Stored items
....

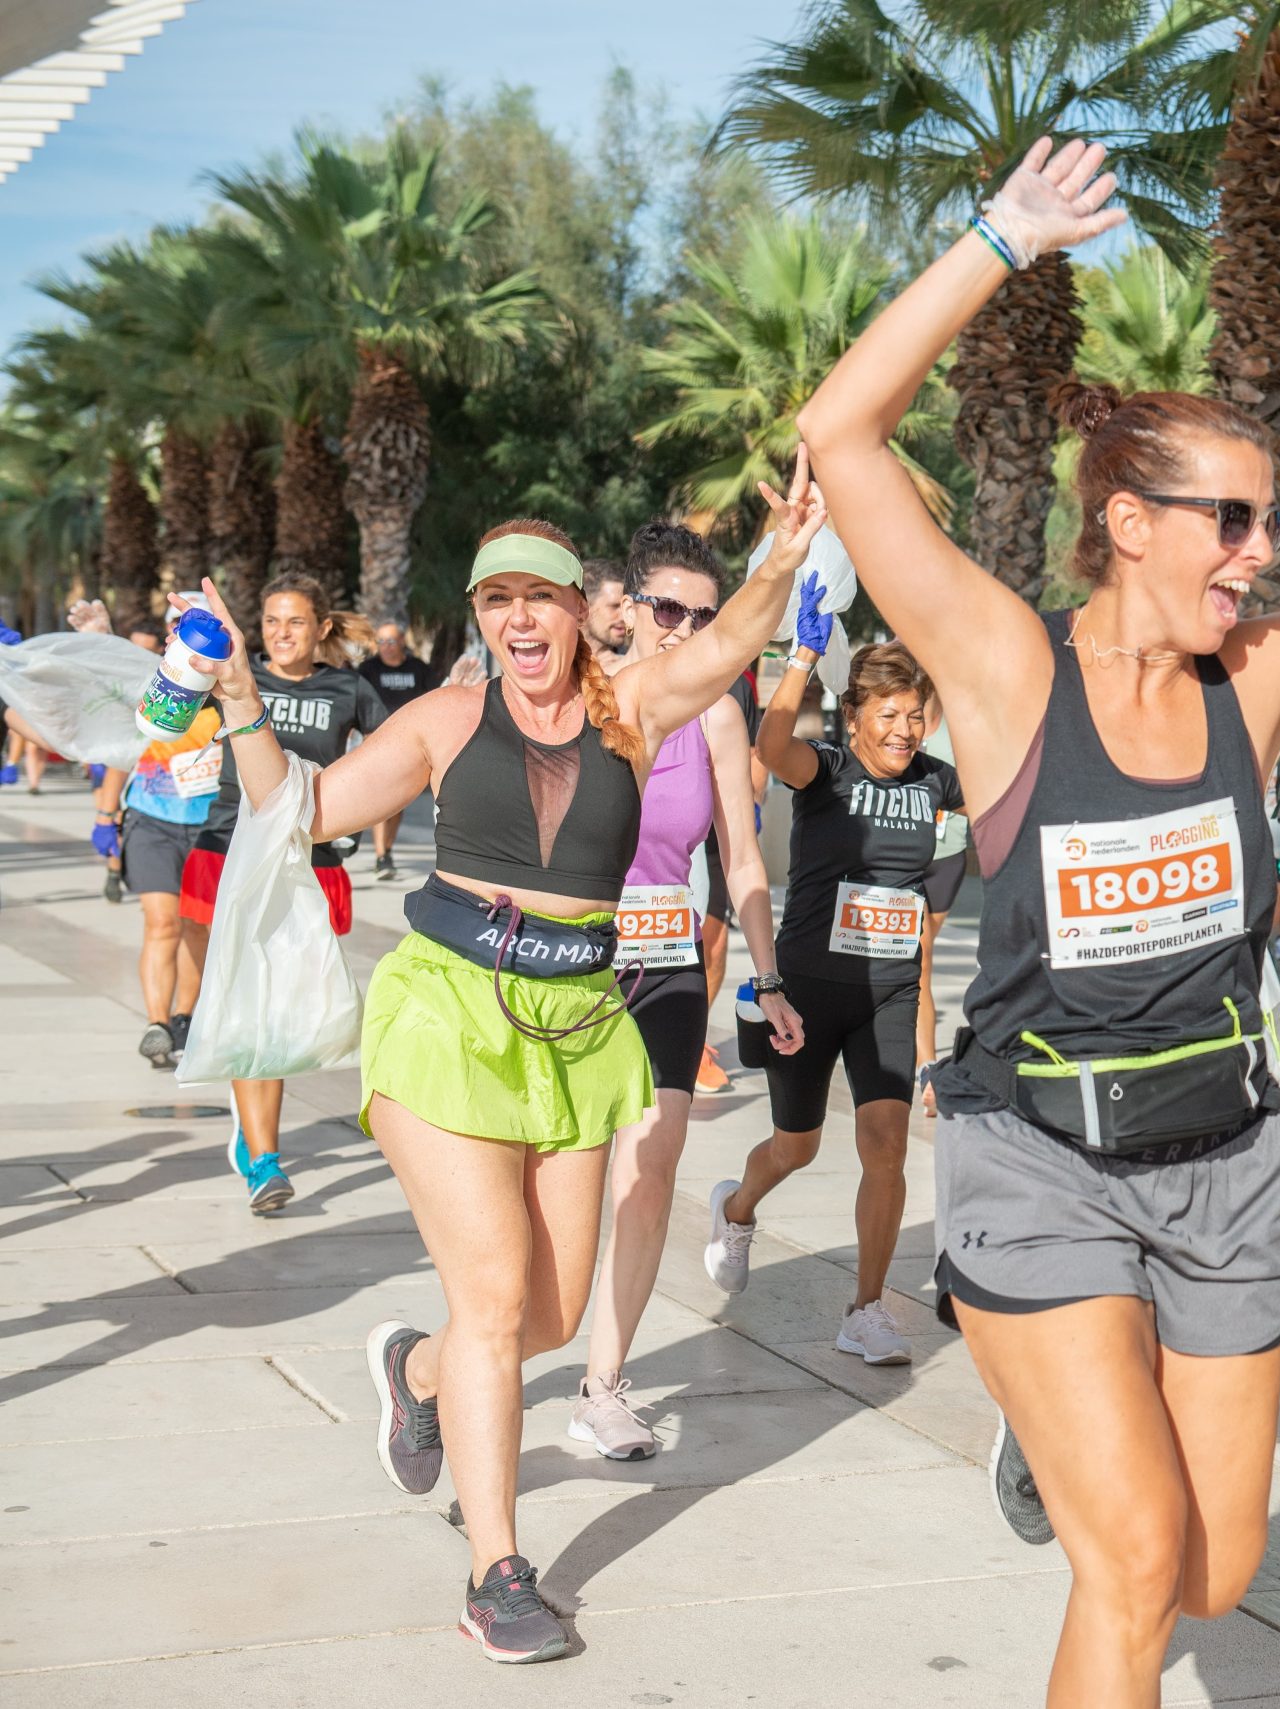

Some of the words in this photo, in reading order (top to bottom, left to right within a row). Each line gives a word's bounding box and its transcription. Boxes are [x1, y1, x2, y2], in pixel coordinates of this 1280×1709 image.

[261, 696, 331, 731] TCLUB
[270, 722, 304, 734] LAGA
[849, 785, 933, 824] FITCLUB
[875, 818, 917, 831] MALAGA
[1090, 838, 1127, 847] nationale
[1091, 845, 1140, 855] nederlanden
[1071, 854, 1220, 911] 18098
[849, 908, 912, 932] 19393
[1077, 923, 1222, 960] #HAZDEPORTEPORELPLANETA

....

PROBLEM TO WORK ON. Each record above is to be copied out exactly; its pictures are not.

SOLVED EXERCISE.
Some of the words in this photo, in reading order (top to bottom, left to right within a row). Each line gives a word's bounding box and its transcription. Boxes are [x1, y1, x2, y2], in pixel coordinates of this 1280×1709 image.

[261, 696, 331, 731] TCLUB
[270, 722, 304, 734] LAGA
[849, 785, 933, 824] FITCLUB
[875, 818, 917, 831] MALAGA
[1090, 838, 1127, 847] nationale
[1091, 845, 1140, 855] nederlanden
[1071, 854, 1220, 911] 18098
[849, 908, 912, 932] 19393
[1077, 923, 1222, 960] #HAZDEPORTEPORELPLANETA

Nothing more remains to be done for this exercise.